- PROBLEM TO SOLVE: Copy out again, unchanged, the line that contains "this 1200×1798 image." and every line after it down to the last line of the data.

[Stored records]
....................

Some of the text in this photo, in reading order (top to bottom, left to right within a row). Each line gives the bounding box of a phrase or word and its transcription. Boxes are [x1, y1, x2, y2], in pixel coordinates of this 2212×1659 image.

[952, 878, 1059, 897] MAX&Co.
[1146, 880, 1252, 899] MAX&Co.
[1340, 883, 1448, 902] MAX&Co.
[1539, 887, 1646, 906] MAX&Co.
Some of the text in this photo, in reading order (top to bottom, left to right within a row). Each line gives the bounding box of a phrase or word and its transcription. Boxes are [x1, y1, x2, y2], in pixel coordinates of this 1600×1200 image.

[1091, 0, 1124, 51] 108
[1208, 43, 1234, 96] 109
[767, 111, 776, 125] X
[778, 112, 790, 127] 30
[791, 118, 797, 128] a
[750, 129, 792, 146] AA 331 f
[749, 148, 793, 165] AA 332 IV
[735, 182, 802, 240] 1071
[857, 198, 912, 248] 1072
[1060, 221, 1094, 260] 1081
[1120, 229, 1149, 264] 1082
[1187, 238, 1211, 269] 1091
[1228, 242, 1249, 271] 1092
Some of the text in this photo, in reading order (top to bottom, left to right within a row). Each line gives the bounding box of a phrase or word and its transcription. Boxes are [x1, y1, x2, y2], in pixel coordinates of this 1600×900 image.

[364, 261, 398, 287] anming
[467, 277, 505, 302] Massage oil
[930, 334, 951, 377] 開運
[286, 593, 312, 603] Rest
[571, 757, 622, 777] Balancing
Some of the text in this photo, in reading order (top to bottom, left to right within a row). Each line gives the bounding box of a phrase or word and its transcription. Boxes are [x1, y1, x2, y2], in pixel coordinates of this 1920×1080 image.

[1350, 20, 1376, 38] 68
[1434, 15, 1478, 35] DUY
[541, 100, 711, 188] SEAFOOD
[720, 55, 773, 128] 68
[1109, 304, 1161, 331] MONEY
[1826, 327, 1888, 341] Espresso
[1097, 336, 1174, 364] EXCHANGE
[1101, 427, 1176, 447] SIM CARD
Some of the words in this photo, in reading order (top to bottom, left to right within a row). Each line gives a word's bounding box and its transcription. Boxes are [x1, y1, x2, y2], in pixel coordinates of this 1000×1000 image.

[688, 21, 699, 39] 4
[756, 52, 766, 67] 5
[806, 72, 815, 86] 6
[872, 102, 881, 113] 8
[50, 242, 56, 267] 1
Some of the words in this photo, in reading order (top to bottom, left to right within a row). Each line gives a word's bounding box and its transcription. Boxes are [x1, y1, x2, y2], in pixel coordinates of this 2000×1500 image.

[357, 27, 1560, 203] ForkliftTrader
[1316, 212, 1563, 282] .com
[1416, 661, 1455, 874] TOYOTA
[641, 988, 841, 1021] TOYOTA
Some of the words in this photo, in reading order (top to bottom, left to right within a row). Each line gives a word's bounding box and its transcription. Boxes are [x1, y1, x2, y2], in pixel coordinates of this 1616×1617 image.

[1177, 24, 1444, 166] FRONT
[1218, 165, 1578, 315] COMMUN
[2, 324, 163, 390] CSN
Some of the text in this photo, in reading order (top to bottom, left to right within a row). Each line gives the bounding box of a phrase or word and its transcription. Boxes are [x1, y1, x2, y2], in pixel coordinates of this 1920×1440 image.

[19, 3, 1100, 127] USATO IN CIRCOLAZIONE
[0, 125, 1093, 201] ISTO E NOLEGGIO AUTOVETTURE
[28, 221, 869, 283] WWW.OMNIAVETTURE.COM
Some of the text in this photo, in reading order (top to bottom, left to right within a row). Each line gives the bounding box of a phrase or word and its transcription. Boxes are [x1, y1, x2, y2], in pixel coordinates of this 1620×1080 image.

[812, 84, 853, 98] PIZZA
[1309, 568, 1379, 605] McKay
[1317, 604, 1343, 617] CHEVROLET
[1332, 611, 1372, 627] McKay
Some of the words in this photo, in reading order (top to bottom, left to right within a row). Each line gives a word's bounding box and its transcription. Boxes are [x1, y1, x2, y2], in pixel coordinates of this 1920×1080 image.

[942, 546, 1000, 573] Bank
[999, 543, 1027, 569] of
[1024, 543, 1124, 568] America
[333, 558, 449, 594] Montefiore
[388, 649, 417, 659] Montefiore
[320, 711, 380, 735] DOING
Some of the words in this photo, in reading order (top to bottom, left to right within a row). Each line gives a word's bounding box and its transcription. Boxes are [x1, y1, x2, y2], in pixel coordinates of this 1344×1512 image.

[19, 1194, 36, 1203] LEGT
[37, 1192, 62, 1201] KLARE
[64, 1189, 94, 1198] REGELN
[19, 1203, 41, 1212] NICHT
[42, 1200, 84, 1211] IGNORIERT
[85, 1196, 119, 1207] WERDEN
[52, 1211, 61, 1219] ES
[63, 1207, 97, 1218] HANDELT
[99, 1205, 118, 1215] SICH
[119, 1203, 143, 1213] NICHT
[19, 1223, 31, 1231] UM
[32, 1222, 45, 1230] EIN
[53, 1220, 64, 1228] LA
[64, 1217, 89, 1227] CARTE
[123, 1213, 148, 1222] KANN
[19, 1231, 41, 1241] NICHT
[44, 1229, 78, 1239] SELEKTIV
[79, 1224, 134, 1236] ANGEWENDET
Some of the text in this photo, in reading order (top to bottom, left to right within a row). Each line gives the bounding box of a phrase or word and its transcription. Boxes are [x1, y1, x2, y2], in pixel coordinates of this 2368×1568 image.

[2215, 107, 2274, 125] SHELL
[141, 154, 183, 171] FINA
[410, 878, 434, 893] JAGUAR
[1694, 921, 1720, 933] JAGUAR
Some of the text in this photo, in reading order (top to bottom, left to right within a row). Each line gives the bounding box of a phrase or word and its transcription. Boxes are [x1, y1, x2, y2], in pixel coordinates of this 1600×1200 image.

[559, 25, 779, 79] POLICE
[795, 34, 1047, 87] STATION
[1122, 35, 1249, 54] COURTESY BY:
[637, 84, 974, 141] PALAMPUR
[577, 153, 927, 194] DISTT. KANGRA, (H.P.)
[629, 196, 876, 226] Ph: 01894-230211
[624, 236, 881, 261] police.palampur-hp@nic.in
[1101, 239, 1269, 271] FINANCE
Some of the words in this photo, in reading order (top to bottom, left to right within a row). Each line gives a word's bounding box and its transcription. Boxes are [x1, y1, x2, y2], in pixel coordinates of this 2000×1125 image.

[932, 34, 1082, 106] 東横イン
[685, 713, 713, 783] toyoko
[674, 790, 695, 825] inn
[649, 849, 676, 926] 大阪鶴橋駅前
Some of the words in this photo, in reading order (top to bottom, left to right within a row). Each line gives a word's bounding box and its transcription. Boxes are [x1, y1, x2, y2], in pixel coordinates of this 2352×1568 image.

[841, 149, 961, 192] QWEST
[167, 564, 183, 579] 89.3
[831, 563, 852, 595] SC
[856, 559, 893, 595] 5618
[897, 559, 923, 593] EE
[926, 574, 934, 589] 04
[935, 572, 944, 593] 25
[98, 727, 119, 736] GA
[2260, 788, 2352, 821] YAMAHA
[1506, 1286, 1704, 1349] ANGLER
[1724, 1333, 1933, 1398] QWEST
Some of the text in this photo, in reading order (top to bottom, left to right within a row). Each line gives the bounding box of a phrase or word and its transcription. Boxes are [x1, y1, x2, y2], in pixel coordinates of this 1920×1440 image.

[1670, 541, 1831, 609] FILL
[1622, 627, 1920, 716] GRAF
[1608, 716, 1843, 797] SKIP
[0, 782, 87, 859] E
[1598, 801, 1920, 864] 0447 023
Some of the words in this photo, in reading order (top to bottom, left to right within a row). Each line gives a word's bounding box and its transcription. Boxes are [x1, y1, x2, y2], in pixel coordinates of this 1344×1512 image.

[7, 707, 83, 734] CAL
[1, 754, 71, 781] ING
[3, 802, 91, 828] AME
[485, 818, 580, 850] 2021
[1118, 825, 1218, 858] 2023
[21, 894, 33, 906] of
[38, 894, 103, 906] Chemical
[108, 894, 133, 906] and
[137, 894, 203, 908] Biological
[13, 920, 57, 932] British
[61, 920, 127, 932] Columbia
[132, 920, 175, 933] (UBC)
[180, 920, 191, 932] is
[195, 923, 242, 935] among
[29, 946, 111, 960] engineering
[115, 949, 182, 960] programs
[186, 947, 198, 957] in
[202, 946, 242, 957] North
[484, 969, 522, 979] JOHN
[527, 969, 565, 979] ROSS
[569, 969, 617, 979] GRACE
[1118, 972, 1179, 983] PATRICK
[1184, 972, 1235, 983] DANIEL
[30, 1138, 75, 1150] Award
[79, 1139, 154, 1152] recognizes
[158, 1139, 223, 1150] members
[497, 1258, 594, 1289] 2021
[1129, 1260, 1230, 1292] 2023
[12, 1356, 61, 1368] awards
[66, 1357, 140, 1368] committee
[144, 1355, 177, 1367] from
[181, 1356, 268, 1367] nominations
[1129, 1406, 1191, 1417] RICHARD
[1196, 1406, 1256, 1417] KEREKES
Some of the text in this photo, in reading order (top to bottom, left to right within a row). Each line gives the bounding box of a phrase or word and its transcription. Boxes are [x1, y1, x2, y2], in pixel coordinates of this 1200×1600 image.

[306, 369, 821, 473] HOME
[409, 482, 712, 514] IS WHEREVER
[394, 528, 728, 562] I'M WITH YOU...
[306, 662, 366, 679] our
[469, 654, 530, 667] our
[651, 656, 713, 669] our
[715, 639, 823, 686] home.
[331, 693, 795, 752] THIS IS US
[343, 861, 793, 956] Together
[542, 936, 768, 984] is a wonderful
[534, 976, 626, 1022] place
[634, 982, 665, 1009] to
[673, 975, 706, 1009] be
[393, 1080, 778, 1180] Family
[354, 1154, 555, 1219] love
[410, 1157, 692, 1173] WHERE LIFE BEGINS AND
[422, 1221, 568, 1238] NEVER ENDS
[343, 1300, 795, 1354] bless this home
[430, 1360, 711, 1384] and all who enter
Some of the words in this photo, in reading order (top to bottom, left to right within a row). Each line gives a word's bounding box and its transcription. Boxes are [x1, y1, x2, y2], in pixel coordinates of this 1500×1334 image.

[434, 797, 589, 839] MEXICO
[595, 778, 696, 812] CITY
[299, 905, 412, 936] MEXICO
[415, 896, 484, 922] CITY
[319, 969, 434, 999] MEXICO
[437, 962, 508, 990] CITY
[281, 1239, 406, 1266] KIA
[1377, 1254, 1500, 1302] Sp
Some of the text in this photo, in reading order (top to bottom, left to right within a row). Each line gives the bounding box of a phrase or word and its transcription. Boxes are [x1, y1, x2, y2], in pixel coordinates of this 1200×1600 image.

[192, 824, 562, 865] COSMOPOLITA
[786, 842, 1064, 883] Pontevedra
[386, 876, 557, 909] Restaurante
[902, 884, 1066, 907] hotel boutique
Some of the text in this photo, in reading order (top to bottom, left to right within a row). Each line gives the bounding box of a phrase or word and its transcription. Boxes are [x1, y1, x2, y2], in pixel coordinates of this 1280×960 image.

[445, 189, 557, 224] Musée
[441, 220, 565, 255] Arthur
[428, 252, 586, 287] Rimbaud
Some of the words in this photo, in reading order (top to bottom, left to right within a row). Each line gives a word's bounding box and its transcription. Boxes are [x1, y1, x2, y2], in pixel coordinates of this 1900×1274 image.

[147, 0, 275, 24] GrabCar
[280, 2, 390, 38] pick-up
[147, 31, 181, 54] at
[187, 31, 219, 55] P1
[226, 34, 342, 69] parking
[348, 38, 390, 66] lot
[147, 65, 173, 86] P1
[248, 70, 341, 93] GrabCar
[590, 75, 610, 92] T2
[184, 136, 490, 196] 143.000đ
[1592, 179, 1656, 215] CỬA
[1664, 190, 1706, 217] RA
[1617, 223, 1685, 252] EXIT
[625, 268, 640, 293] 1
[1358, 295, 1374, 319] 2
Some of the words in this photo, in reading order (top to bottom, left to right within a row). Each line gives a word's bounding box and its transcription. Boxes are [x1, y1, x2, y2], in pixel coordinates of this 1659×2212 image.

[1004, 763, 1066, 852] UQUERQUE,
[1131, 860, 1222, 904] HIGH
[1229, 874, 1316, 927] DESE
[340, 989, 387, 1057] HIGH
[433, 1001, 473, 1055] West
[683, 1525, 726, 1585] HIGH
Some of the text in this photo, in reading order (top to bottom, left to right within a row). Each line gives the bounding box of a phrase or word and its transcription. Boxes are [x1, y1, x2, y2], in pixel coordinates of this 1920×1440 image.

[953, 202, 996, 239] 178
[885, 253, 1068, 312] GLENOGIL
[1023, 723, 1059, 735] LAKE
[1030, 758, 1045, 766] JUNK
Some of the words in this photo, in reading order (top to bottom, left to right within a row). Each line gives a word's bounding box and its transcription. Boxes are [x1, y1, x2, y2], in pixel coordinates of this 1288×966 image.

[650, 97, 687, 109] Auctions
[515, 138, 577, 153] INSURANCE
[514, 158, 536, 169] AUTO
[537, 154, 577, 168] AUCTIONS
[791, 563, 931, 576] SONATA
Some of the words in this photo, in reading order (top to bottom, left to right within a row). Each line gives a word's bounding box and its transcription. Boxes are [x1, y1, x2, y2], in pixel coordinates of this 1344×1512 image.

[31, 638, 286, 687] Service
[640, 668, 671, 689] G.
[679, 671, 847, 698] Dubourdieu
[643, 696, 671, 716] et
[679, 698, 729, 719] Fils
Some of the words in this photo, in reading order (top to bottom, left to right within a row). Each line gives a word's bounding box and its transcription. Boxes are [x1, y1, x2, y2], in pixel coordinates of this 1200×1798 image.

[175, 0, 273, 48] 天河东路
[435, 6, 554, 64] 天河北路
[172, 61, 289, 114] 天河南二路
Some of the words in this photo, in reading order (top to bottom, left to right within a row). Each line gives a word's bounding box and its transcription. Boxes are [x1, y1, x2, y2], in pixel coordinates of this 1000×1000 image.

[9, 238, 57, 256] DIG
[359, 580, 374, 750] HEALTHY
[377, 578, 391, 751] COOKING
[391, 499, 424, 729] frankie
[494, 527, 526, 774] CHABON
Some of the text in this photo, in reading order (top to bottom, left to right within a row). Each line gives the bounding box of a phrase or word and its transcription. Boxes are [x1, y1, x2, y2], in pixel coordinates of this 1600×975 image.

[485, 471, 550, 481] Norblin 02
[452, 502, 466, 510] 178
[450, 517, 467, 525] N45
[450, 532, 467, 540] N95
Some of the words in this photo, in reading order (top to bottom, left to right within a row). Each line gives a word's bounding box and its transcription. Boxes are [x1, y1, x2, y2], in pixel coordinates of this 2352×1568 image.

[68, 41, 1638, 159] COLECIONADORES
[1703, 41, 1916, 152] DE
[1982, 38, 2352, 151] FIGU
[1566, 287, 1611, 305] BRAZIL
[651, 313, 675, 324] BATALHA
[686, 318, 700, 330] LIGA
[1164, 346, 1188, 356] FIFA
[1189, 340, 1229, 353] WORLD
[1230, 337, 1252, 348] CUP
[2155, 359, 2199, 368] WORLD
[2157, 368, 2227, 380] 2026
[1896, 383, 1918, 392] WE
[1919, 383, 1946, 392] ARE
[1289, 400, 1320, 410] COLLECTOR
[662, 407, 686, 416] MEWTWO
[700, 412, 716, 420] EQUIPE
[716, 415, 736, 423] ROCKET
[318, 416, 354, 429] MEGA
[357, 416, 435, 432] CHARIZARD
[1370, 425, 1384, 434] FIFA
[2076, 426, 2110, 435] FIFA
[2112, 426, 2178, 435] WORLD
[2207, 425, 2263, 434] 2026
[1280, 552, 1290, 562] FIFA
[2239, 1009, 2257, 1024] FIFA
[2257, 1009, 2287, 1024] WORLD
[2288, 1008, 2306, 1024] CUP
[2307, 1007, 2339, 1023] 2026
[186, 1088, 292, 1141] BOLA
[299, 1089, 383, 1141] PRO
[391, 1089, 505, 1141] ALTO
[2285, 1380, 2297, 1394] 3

....................

- EXERCISE RESPONSE:
Some of the words in this photo, in reading order (top to bottom, left to right within a row). Each line gives a word's bounding box and its transcription. Boxes are [x1, y1, x2, y2], in pixel coordinates of this 1200×1798 image.

[175, 0, 273, 48] 天河东路
[435, 6, 554, 64] 天河北路
[172, 61, 289, 114] 天河南二路
Some of the words in this photo, in reading order (top to bottom, left to right within a row). Each line gives a word's bounding box and its transcription. Boxes are [x1, y1, x2, y2], in pixel coordinates of this 1000×1000 image.

[9, 238, 57, 256] DIG
[359, 580, 374, 750] HEALTHY
[377, 578, 391, 751] COOKING
[391, 499, 424, 729] frankie
[494, 527, 526, 774] CHABON
Some of the text in this photo, in reading order (top to bottom, left to right within a row). Each line gives the bounding box of a phrase or word and its transcription. Boxes are [x1, y1, x2, y2], in pixel coordinates of this 1600×975 image.

[485, 471, 550, 481] Norblin 02
[452, 502, 466, 510] 178
[450, 517, 467, 525] N45
[450, 532, 467, 540] N95
Some of the words in this photo, in reading order (top to bottom, left to right within a row). Each line gives a word's bounding box and its transcription. Boxes are [x1, y1, x2, y2], in pixel coordinates of this 2352×1568 image.

[68, 41, 1638, 159] COLECIONADORES
[1703, 41, 1916, 152] DE
[1982, 38, 2352, 151] FIGU
[1566, 287, 1611, 305] BRAZIL
[651, 313, 675, 324] BATALHA
[686, 318, 700, 330] LIGA
[1164, 346, 1188, 356] FIFA
[1189, 340, 1229, 353] WORLD
[1230, 337, 1252, 348] CUP
[2155, 359, 2199, 368] WORLD
[2157, 368, 2227, 380] 2026
[1896, 383, 1918, 392] WE
[1919, 383, 1946, 392] ARE
[1289, 400, 1320, 410] COLLECTOR
[662, 407, 686, 416] MEWTWO
[700, 412, 716, 420] EQUIPE
[716, 415, 736, 423] ROCKET
[318, 416, 354, 429] MEGA
[357, 416, 435, 432] CHARIZARD
[1370, 425, 1384, 434] FIFA
[2076, 426, 2110, 435] FIFA
[2112, 426, 2178, 435] WORLD
[2207, 425, 2263, 434] 2026
[1280, 552, 1290, 562] FIFA
[2239, 1009, 2257, 1024] FIFA
[2257, 1009, 2287, 1024] WORLD
[2288, 1008, 2306, 1024] CUP
[2307, 1007, 2339, 1023] 2026
[186, 1088, 292, 1141] BOLA
[299, 1089, 383, 1141] PRO
[391, 1089, 505, 1141] ALTO
[2285, 1380, 2297, 1394] 3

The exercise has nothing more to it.